● **Given records**:
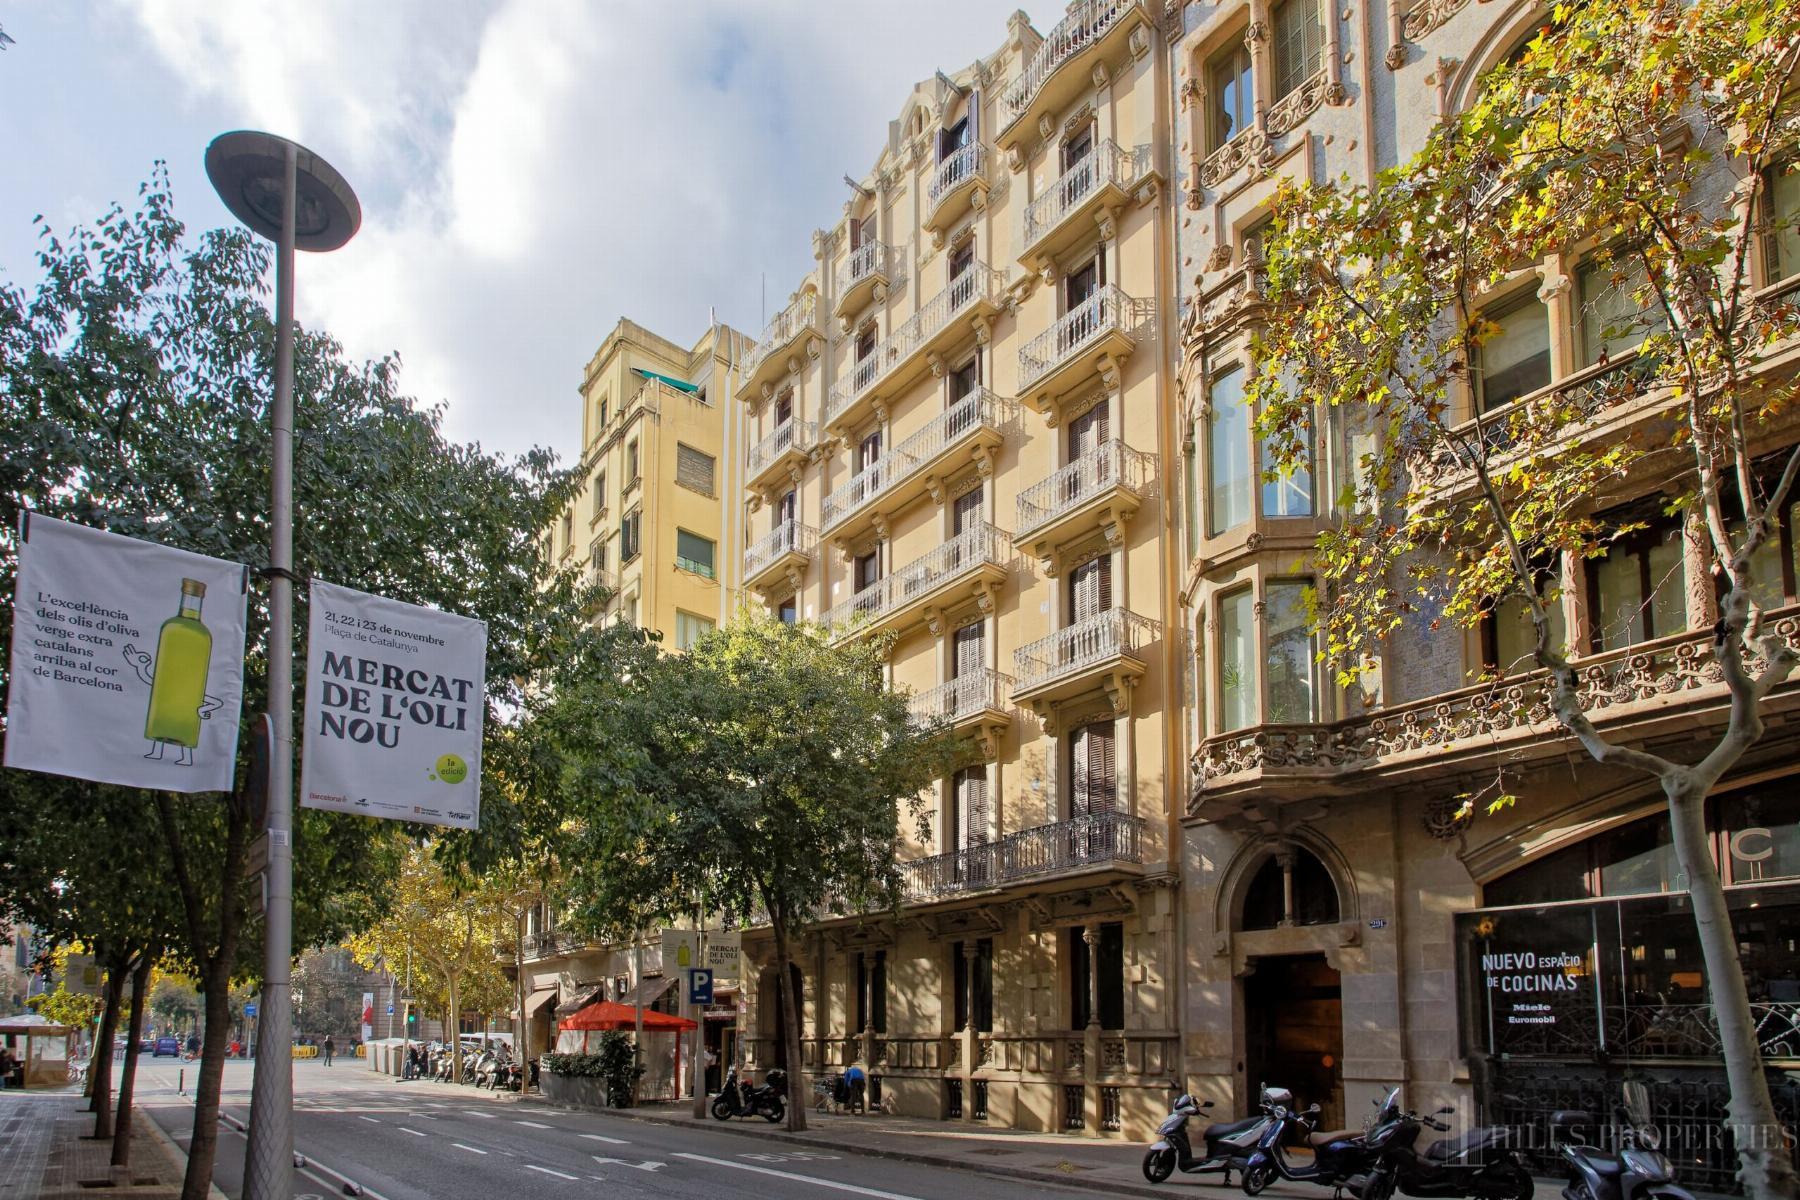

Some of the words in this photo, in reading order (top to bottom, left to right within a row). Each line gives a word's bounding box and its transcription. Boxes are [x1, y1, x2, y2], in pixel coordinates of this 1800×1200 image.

[36, 607, 66, 622] dels
[68, 615, 93, 628] olis
[95, 620, 140, 638] d'oliva
[324, 611, 338, 624] 21,
[340, 615, 355, 627] 22
[357, 618, 361, 628] i
[362, 620, 377, 631] 23
[379, 624, 392, 635] de
[394, 629, 446, 647] novembre
[35, 624, 75, 639] verge
[78, 633, 113, 647] extra
[324, 623, 352, 639] Plaça
[353, 632, 367, 642] de
[368, 634, 419, 653] Catalunya
[34, 638, 94, 657] catalans
[33, 653, 76, 669] arriba
[79, 661, 92, 672] al
[94, 665, 118, 676] cor
[33, 665, 50, 678] de
[53, 669, 123, 692] Barcelona
[321, 650, 474, 704] MERCAT
[321, 680, 371, 715] DE
[381, 693, 467, 731] L'OLI
[319, 710, 401, 749] NOU
[1482, 952, 1535, 971] NUEVO
[1538, 955, 1581, 968] ESPACIO
[693, 971, 709, 992] P
[1486, 976, 1499, 988] DE
[1501, 973, 1578, 993] COCINAS
[1512, 1003, 1552, 1012] Miele
[1508, 1015, 1556, 1024] Euromobil

● **Description of the task**:
Give every entry above again, exactly, and keep all pictures out of it.

● **Solution below**:
Some of the words in this photo, in reading order (top to bottom, left to right within a row). Each line gives a word's bounding box and its transcription. Boxes are [x1, y1, x2, y2], in pixel coordinates of this 1800×1200 image.

[36, 607, 66, 622] dels
[68, 615, 93, 628] olis
[95, 620, 140, 638] d'oliva
[324, 611, 338, 624] 21,
[340, 615, 355, 627] 22
[357, 618, 361, 628] i
[362, 620, 377, 631] 23
[379, 624, 392, 635] de
[394, 629, 446, 647] novembre
[35, 624, 75, 639] verge
[78, 633, 113, 647] extra
[324, 623, 352, 639] Plaça
[353, 632, 367, 642] de
[368, 634, 419, 653] Catalunya
[34, 638, 94, 657] catalans
[33, 653, 76, 669] arriba
[79, 661, 92, 672] al
[94, 665, 118, 676] cor
[33, 665, 50, 678] de
[53, 669, 123, 692] Barcelona
[321, 650, 474, 704] MERCAT
[321, 680, 371, 715] DE
[381, 693, 467, 731] L'OLI
[319, 710, 401, 749] NOU
[1482, 952, 1535, 971] NUEVO
[1538, 955, 1581, 968] ESPACIO
[693, 971, 709, 992] P
[1486, 976, 1499, 988] DE
[1501, 973, 1578, 993] COCINAS
[1512, 1003, 1552, 1012] Miele
[1508, 1015, 1556, 1024] Euromobil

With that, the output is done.